Ornithology anyone? New birdwatching club welcomes birds to campus with new feeders

Jeff Christoff

The Lawrence University Birdwatching Club has recently installed birdfeeders around campus. They hope the feeders will contribute to the aesthetics of the campus and attract a greater diversity of wildlife.Club president Wes Miksa has been surprised at how well the feeders have been working. “The birdfeeders have attracted quite a few different types of birds,” he said.

Platform feeders have been placed outside Colman, Ormsby, and Downer. These contain a mixed variety of seeds that attract different types of birds. A hummingbird feeder is located between Colman and Brokaw, and a finch feeder is set up near Main Hall. Informative stations, which will include field guides and other facts, will accompany the feeders and will be placed in nearby lounges.
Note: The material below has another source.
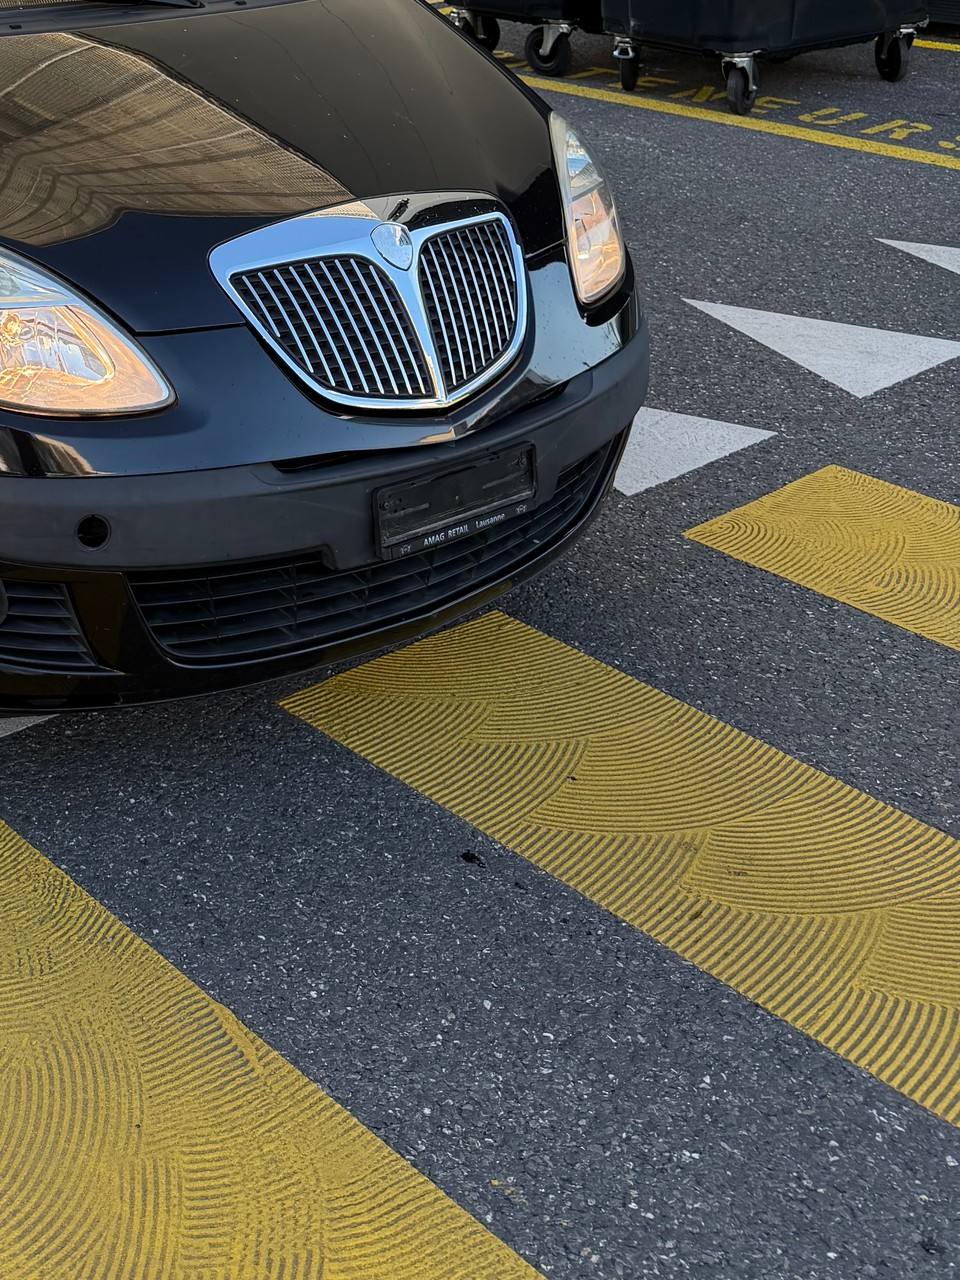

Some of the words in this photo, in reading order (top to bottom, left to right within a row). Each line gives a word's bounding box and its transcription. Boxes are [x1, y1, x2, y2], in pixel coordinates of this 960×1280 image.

[423, 532, 445, 546] AMAG
[448, 524, 469, 538] RETAIL
[475, 513, 505, 528] Lausanne
“A lot of people have already shown an interest in birds they‘ve seen and ask questions of members of the club,” Miksa said.

The feeders, while durable, are not permanently anchored into the ground. The club will relocate them during winter months, and more may be purchased depending on how well the current ones work.

Miksa described the club as academic and informative, and said that a main goal of the group can be emphasized with the quote, “We grieve only for what we know,” taken from the Aldo Leopold book A Sand County Almanac.

“For many people, ‘nature’ and ‘wilderness’ are distant, abstract concepts,” Miksa said. “We try to create an atmosphere where people from a variety of backgrounds can share their interests constructively with others in a wilderness setting.”

Another aspect of the club involves weekend trips off campus. Over reading period, they are traveling to Wyalusing State Park, located in Southwestern Wisconsin along the Mississippi River. The following weekend, they will visit Big Eau Pleine Park.

“We try to make trips short enough so they’re not a burden, but long enough so that they allow for enough time to get a lot out of them,” Miksa said.

The advisors of the club are Brian Peer, a professional ornithologist, and Tom and Carol Sykes, who have been active in the Wisconsin Society of Ornithology for many years.